Furthermore, it would be of even more interest if the value we input gets included in the HTTP response (or even written on the DOM client-side) and taking it one step further, where in the response.
These are the things Codename SCNR concerns itself about to a great degree, in order to self-optimize and perform as much of a surgical scan as possible.
In addition, due to its highly versatile scripting capabilities, it let's us create custom components like checks and plugins by means of custom scripts.
Now...being the hackers that we are, we'd like to extract the aforementioned highly valuable info for our manual pentest as well; so, it's time for me to give away some esoteric know-how and show you how to do exactly that.
We're going to abuse SCNR's security check system via a custom script, to make it think that a sink trace is worth running, and then, via a custom plugin, print out that ol' valuable information.
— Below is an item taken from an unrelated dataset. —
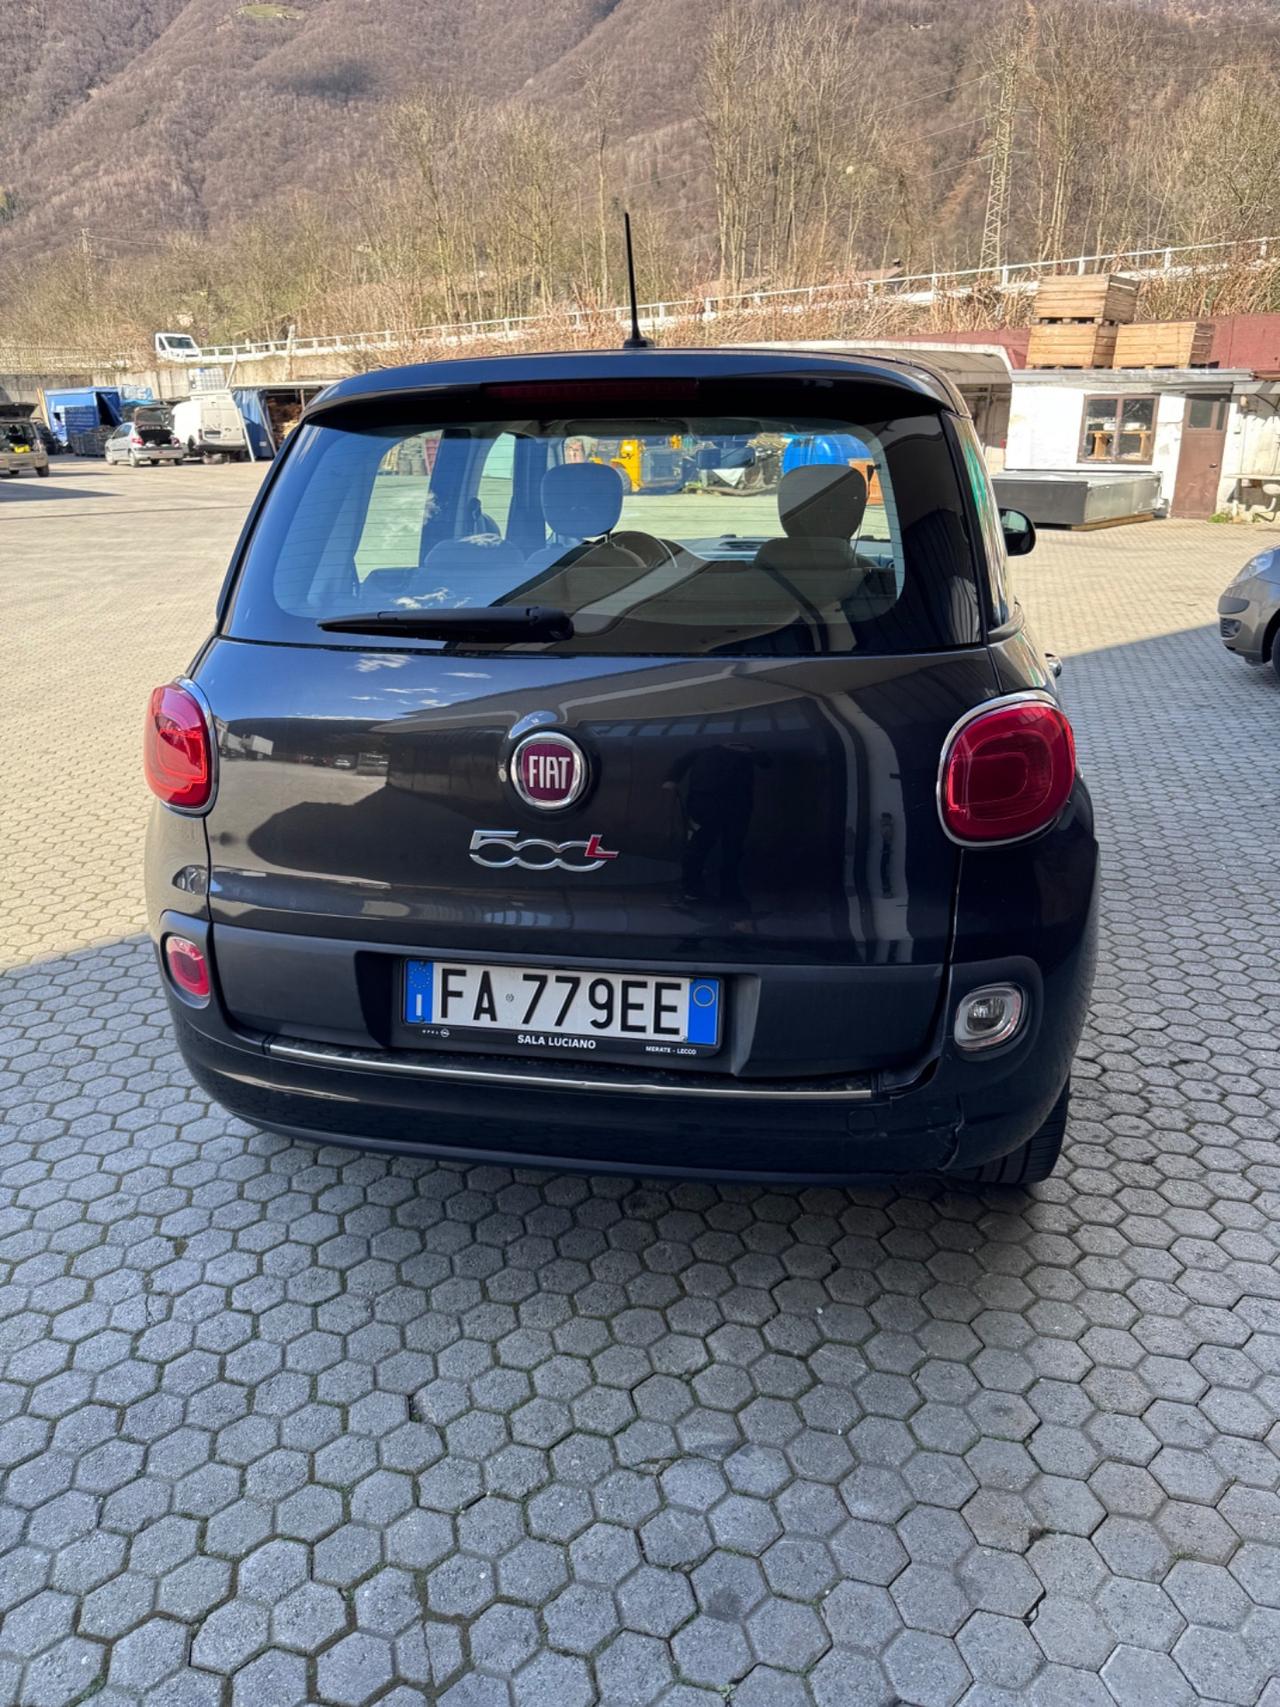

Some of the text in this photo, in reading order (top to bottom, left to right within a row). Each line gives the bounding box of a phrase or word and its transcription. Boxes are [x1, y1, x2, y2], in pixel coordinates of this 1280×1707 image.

[528, 755, 571, 790] FIAT
[469, 829, 620, 872] 500L
[517, 1034, 597, 1050] SALA LUCIANO
As you can see in the documentation, Codename SCNR's scripting capabilities are quite awesome and range from using scripts as:
- Static configuration.
- Dynamic configuration.
- Hooking-up into system callbacks.
- A way to add custom components (checks, plugins, platform fingerprinters) on the fly.
- Even a way to create custom scanners, like this article describes.
That's all for now, please leave your thoughts in the comments. :)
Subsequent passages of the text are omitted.